Together, these measurements constrain the ion pressure profile, momentum transport, and flow shear that influence turbulence suppression, MHD stability, and confinement transitions. When combined with electron profiles and equilibrium reconstruction, the CHERS systems enable determination of total pressure, radial electric field (via force balance), and inputs for stability and transport modeling in high-β spherical tokamak plasmas.

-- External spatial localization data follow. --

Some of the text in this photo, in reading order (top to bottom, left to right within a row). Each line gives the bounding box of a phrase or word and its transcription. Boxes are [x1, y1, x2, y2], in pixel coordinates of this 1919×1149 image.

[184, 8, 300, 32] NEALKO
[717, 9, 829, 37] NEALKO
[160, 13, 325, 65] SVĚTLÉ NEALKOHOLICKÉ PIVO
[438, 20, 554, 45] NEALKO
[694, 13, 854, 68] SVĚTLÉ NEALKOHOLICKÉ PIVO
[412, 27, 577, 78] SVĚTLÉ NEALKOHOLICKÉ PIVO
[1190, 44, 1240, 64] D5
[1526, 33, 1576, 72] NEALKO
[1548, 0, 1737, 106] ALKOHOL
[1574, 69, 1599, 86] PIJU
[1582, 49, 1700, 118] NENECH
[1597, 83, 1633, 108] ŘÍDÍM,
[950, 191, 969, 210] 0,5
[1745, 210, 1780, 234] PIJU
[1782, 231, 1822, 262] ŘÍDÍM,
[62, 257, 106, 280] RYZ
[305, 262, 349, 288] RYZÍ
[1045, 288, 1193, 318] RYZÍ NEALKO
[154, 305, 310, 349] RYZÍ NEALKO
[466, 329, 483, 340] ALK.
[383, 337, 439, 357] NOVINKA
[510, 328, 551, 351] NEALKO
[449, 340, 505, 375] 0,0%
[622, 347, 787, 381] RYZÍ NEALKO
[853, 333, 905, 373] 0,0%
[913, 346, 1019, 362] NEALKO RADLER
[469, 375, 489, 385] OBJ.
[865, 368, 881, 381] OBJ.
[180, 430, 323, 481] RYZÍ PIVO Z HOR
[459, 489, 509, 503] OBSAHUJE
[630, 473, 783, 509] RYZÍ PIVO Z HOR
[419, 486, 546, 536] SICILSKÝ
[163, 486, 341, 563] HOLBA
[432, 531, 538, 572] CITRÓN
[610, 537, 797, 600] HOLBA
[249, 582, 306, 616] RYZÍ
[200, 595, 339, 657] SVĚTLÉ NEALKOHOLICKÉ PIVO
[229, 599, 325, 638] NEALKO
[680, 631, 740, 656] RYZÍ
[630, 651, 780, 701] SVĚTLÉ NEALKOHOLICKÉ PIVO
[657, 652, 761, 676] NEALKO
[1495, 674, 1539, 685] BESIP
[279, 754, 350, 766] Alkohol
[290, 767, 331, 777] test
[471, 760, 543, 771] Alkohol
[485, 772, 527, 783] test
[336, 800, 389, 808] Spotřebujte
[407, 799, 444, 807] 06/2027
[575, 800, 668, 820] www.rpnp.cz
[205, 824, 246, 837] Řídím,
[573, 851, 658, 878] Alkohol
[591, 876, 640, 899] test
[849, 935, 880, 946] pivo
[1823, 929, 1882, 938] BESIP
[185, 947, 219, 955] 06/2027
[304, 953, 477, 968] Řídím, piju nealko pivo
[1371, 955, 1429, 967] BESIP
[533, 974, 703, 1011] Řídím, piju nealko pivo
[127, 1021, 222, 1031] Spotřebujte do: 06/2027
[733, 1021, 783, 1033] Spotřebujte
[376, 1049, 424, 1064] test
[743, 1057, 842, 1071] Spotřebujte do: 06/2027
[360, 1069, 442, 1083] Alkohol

The T-CHERS system measures T_i(R) and V_φ(R) by observing Doppler-broadened and Doppler-shifted emission from fully stripped carbon (C⁶⁺) ions following charge exchange with injected neutral beam atoms. The diagnostic views the neutral beam along toroidally oriented sightlines, enabling direct inference of the toroidal rotation velocity from the wavelength shift and ion temperature from spectral broadening.

On NSTX-U, T-CHERS provides profile measurements across ~50 spatial channels (commonly cited as ~51) with ~10 ms time resolution in standard operating modes. This coverage enables detailed characterization of core rotation, ion temperature gradients, and momentum redistribution during confinement transitions, MHD activity, and changes in neutral beam torque.

T-CHERS data are widely used to evaluate ion thermal transport, momentum confinement, rotation shear, and to compute the radial electric field through force-balance analysis when combined with density and magnetic equilibrium information.

The ERD complements core CHERS measurements by focusing on the edge and pedestal region, where strong gradients in temperature and rotation influence stability and turbulence suppression. Using charge-exchange spectroscopy techniques optimized for the edge geometry, ERD provides edge toroidal rotation profiles with ~10 ms time resolution.

Edge rotation measurements are essential for understanding E×B shear at the pedestal, rotation braking during resonant magnetic perturbations (RMPs), and the evolution of flow during L-H transitions and edge-localized modes (ELMs). ERD data, when combined with T-CHERS, provide a continuous picture of toroidal rotation from core to edge, enabling improved constraints on momentum transport and stability analyses.